- [SOURCE MATERIAL]
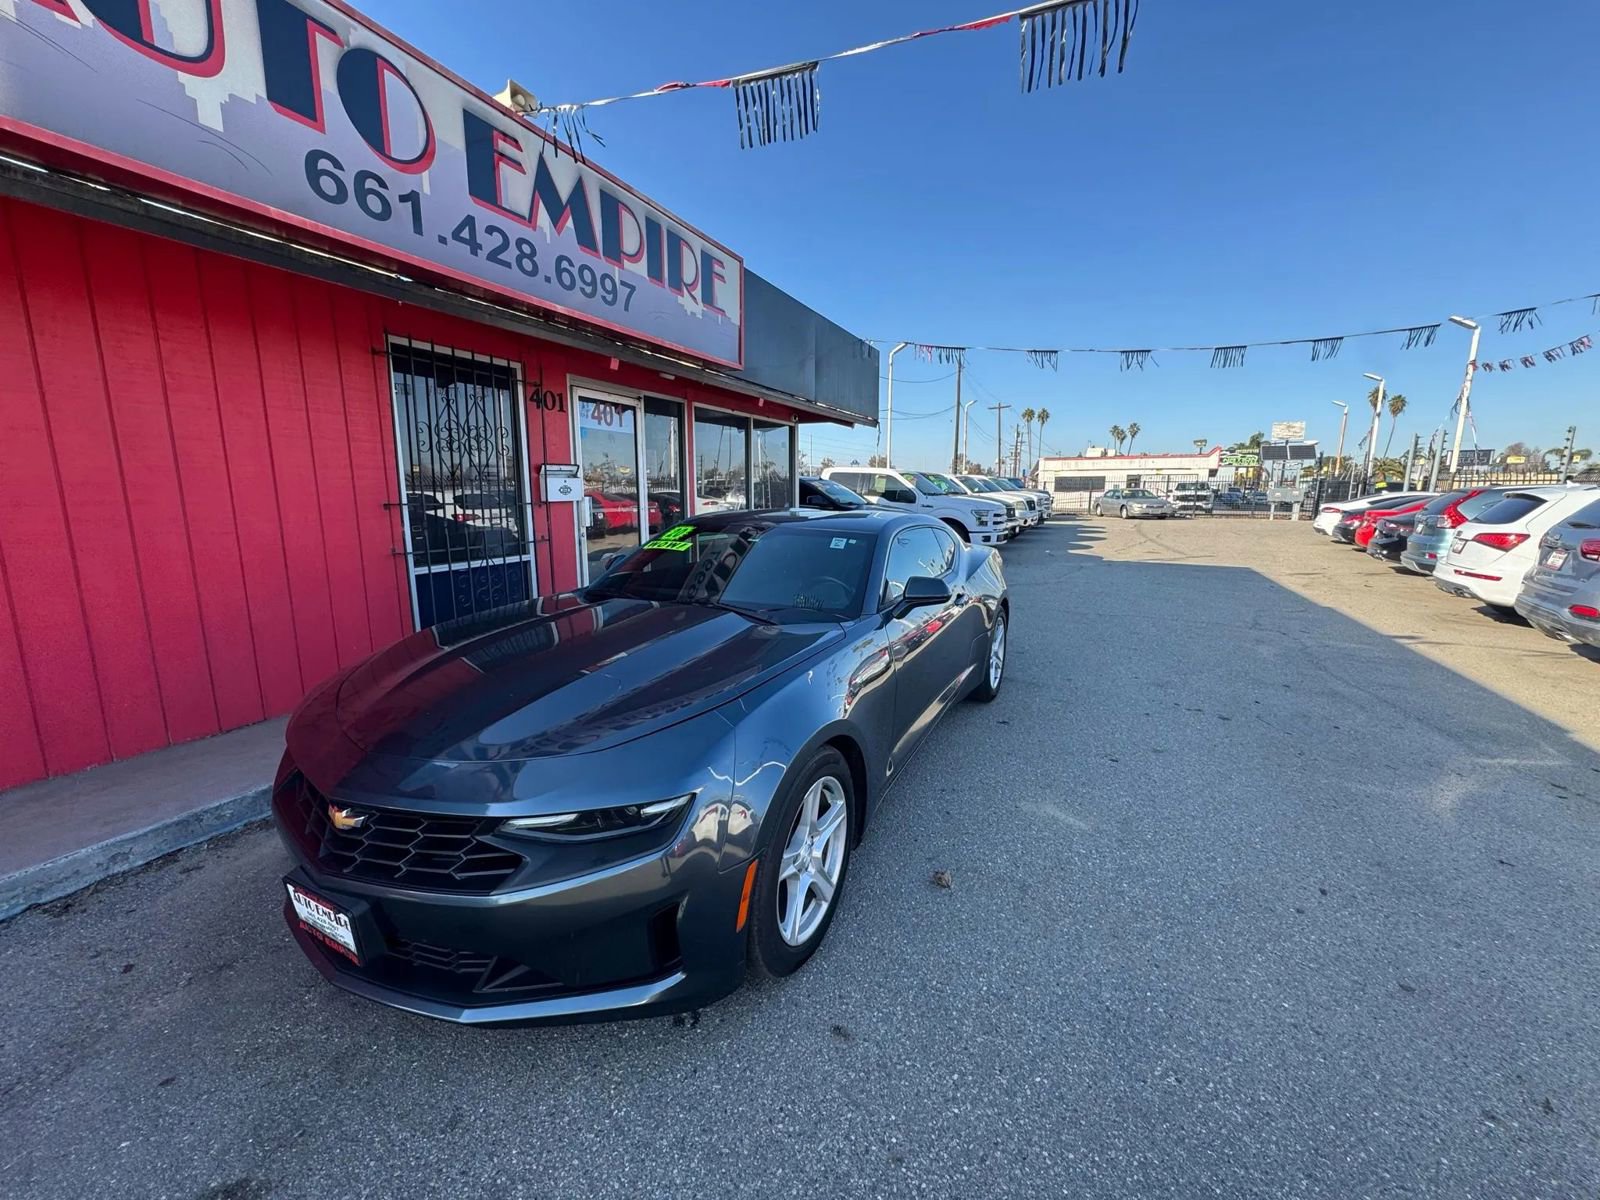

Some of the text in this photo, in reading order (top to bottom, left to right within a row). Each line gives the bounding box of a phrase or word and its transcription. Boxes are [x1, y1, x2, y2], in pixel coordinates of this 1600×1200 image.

[30, 0, 727, 317] TO EMPIRE
[304, 150, 637, 313] 661.428.6997
[529, 387, 567, 413] 401
[590, 401, 624, 428] 401

- [AIM OF THE EXERCISE] Every record above must be copied exactly, and no picture may appear in the copy.

- [RESPONSE]
Some of the text in this photo, in reading order (top to bottom, left to right within a row). Each line gives the bounding box of a phrase or word and its transcription. Boxes are [x1, y1, x2, y2], in pixel coordinates of this 1600×1200 image.

[30, 0, 727, 317] TO EMPIRE
[304, 150, 637, 313] 661.428.6997
[529, 387, 567, 413] 401
[590, 401, 624, 428] 401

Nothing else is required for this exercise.